[RECORDS FOR THE EXERCISE]

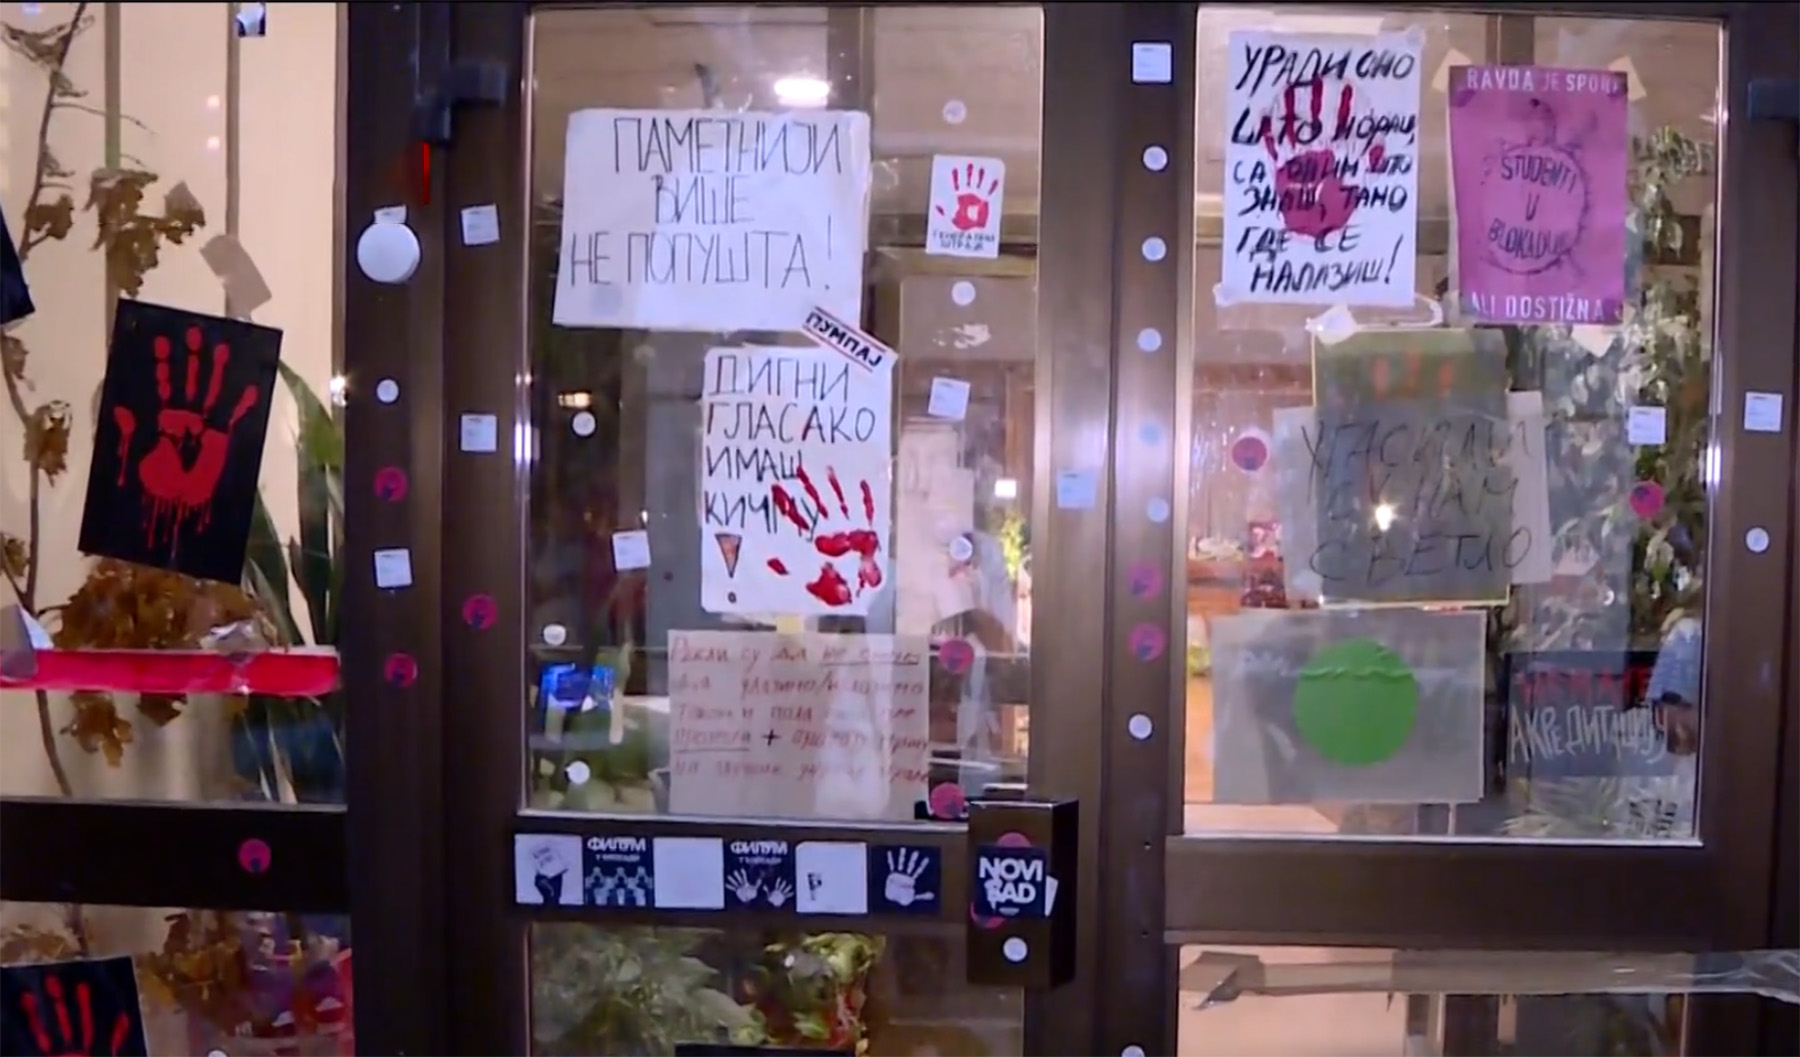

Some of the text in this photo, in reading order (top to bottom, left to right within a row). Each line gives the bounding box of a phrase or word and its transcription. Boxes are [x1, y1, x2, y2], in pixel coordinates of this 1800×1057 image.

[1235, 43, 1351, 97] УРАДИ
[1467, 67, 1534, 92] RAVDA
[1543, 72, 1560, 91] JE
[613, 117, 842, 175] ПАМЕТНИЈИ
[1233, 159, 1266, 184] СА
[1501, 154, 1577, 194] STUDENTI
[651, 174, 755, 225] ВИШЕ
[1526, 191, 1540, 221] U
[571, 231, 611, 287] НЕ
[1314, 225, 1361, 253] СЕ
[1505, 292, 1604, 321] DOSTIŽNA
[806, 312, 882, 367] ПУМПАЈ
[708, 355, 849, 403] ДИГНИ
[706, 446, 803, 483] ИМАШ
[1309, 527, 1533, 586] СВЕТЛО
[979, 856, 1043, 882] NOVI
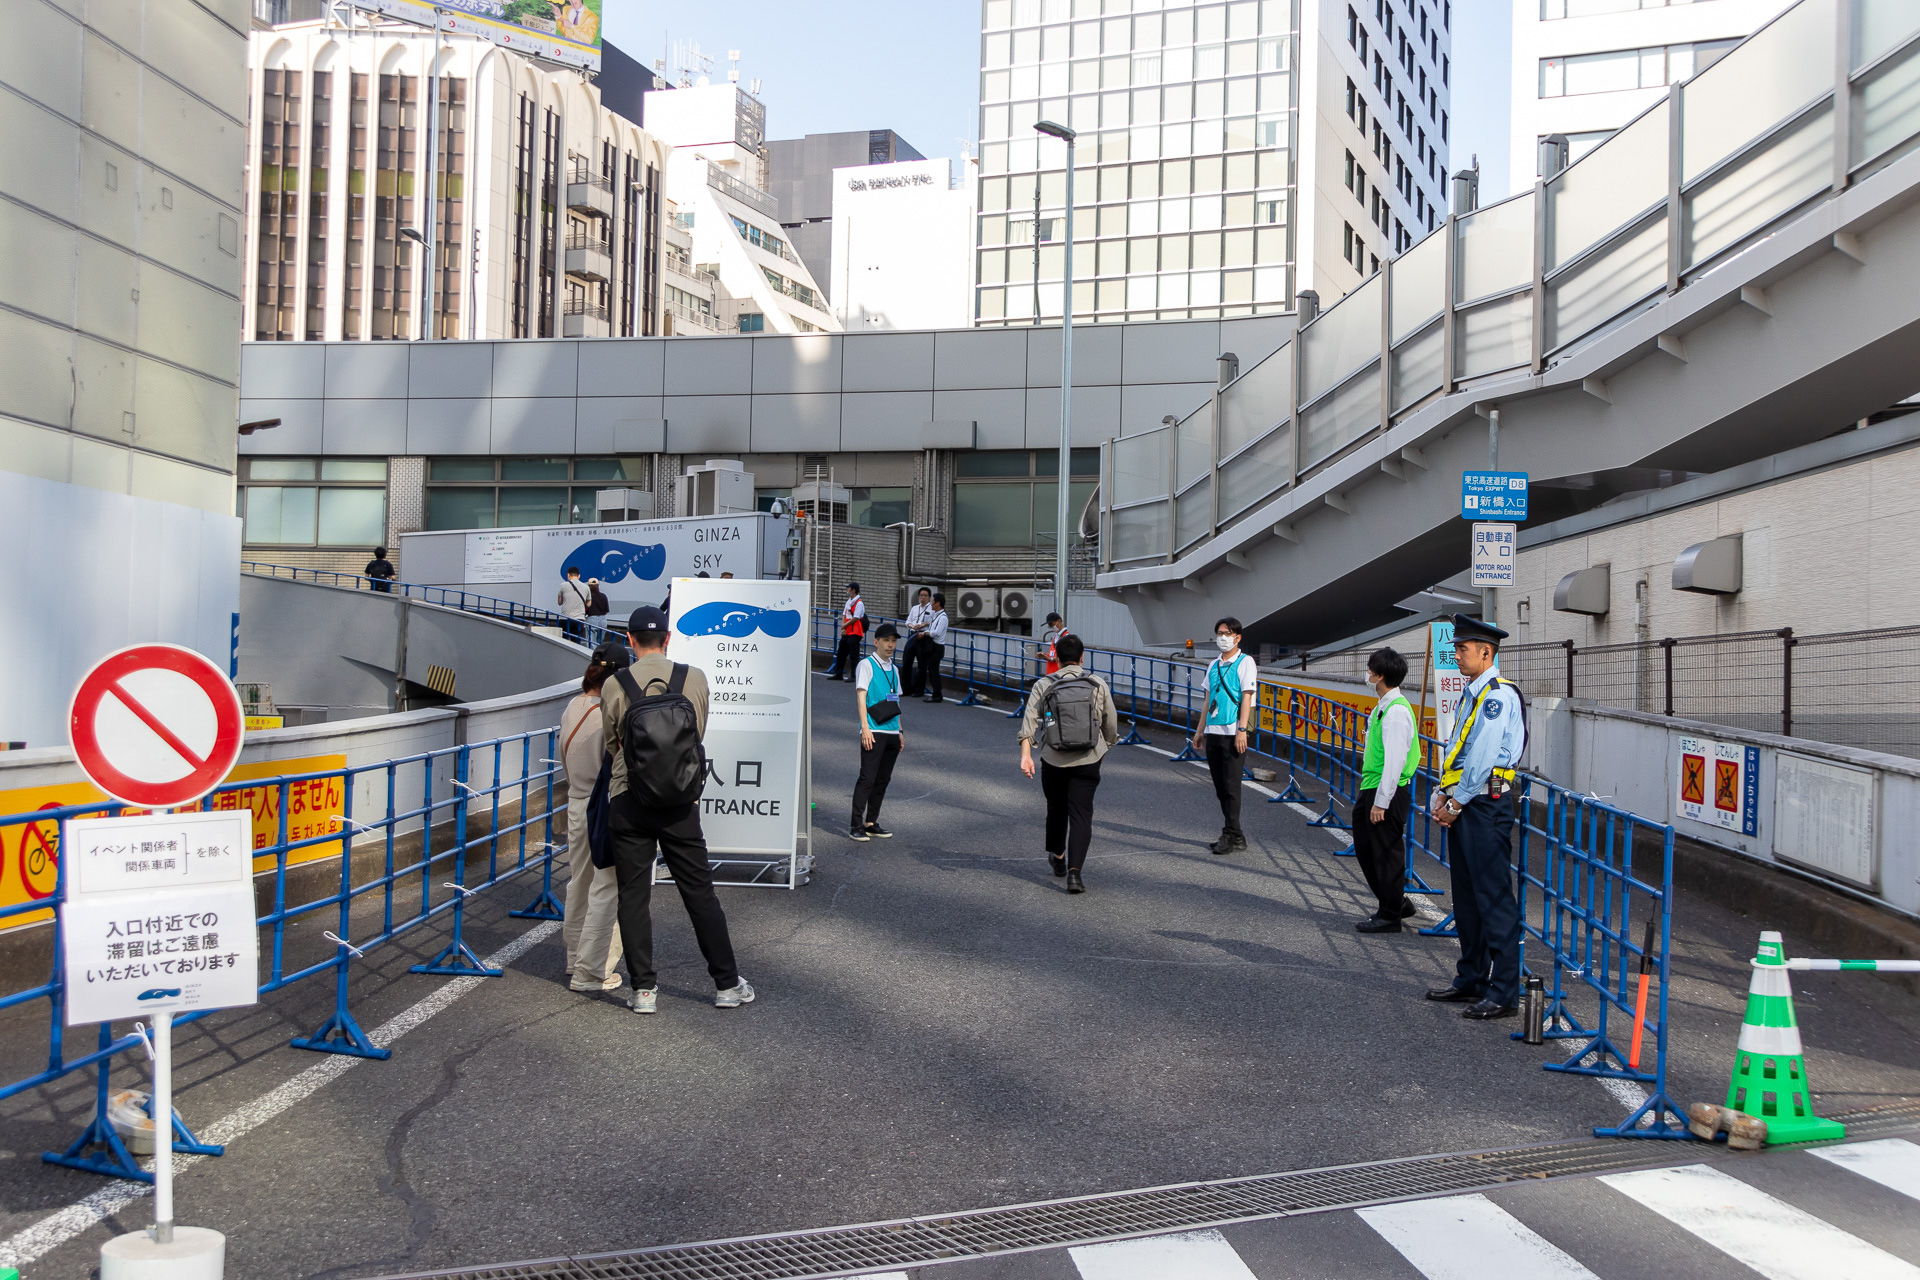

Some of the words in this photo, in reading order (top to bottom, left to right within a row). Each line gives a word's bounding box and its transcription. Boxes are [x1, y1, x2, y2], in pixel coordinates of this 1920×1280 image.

[/RECORDS FOR THE EXERCISE]
[RECORDS FOR THE EXERCISE]

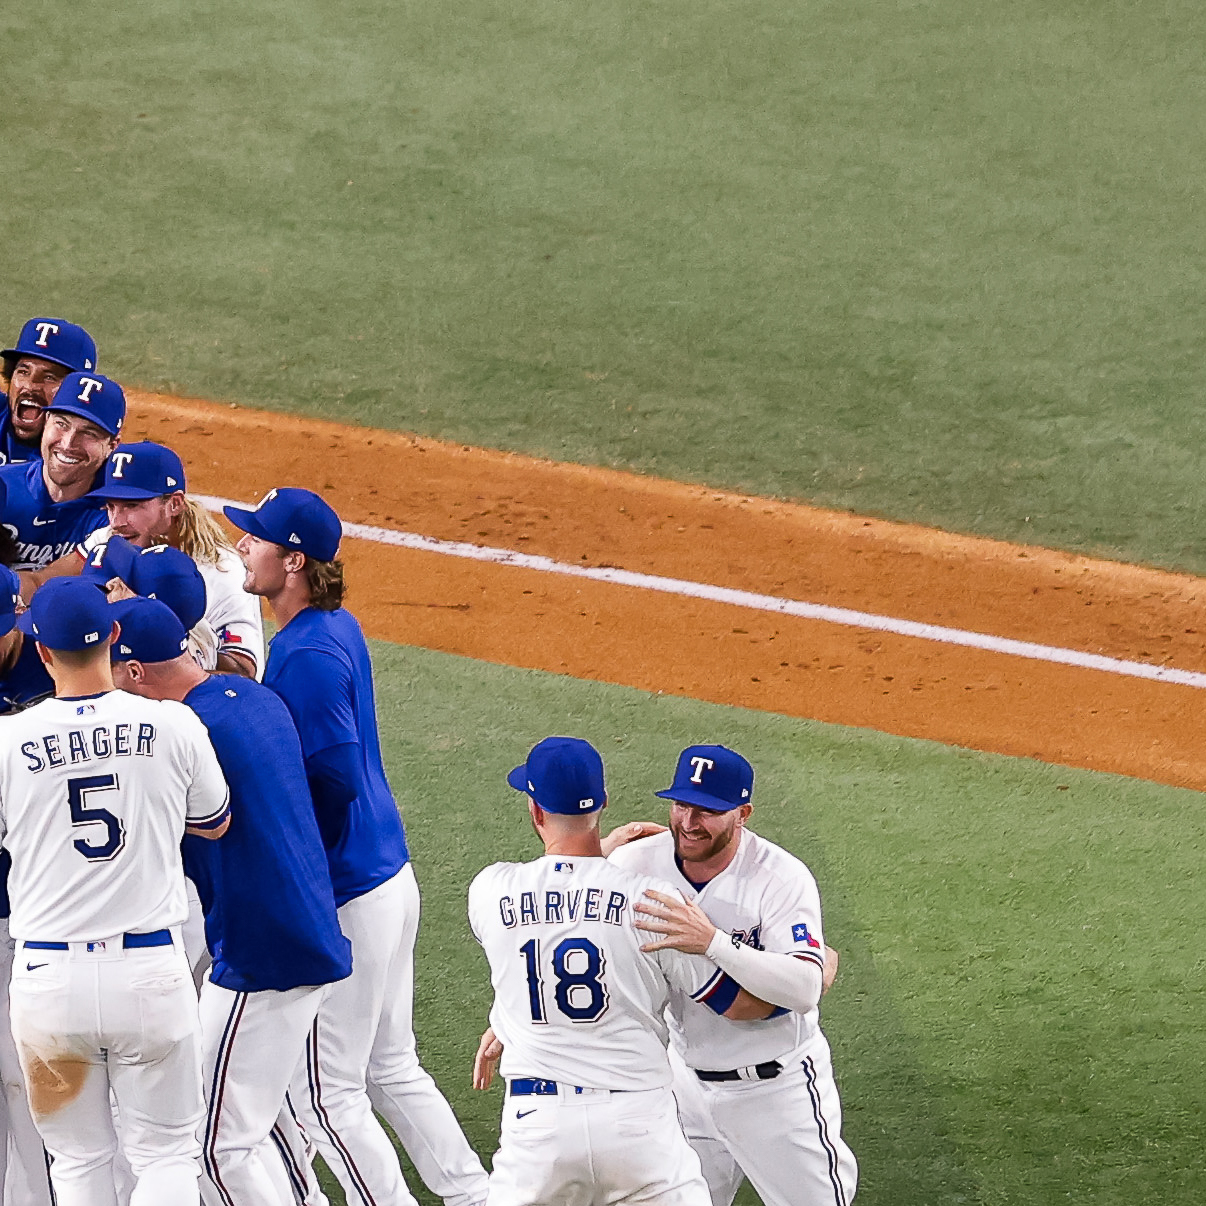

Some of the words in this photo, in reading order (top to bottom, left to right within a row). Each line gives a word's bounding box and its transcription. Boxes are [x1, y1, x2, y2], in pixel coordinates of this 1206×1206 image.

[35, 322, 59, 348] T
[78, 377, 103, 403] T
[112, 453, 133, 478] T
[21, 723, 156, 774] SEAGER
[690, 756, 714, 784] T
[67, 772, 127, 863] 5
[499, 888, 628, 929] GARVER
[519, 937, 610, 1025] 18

[/RECORDS FOR THE EXERCISE]

Although the records hold pictures, the copy must not; give again exactly the lines from the one with "Some of the text" through the one with "this 1920×1280 image.".

EXERCISE RESPONSE
Some of the text in this photo, in reading order (top to bottom, left to right within a row). Each line gives the bounding box of a phrase or word and its transcription. Boxes are [x1, y1, x2, y2], in pixel coordinates of this 1800×1057 image.

[1235, 43, 1351, 97] УРАДИ
[1467, 67, 1534, 92] RAVDA
[1543, 72, 1560, 91] JE
[613, 117, 842, 175] ПАМЕТНИЈИ
[1233, 159, 1266, 184] СА
[1501, 154, 1577, 194] STUDENTI
[651, 174, 755, 225] ВИШЕ
[1526, 191, 1540, 221] U
[571, 231, 611, 287] НЕ
[1314, 225, 1361, 253] СЕ
[1505, 292, 1604, 321] DOSTIŽNA
[806, 312, 882, 367] ПУМПАЈ
[708, 355, 849, 403] ДИГНИ
[706, 446, 803, 483] ИМАШ
[1309, 527, 1533, 586] СВЕТЛО
[979, 856, 1043, 882] NOVI

Some of the words in this photo, in reading order (top to bottom, left to right within a row). Each line gives a word's bounding box and its transcription. Boxes are [x1, y1, x2, y2], in pixel coordinates of this 1920×1280 image.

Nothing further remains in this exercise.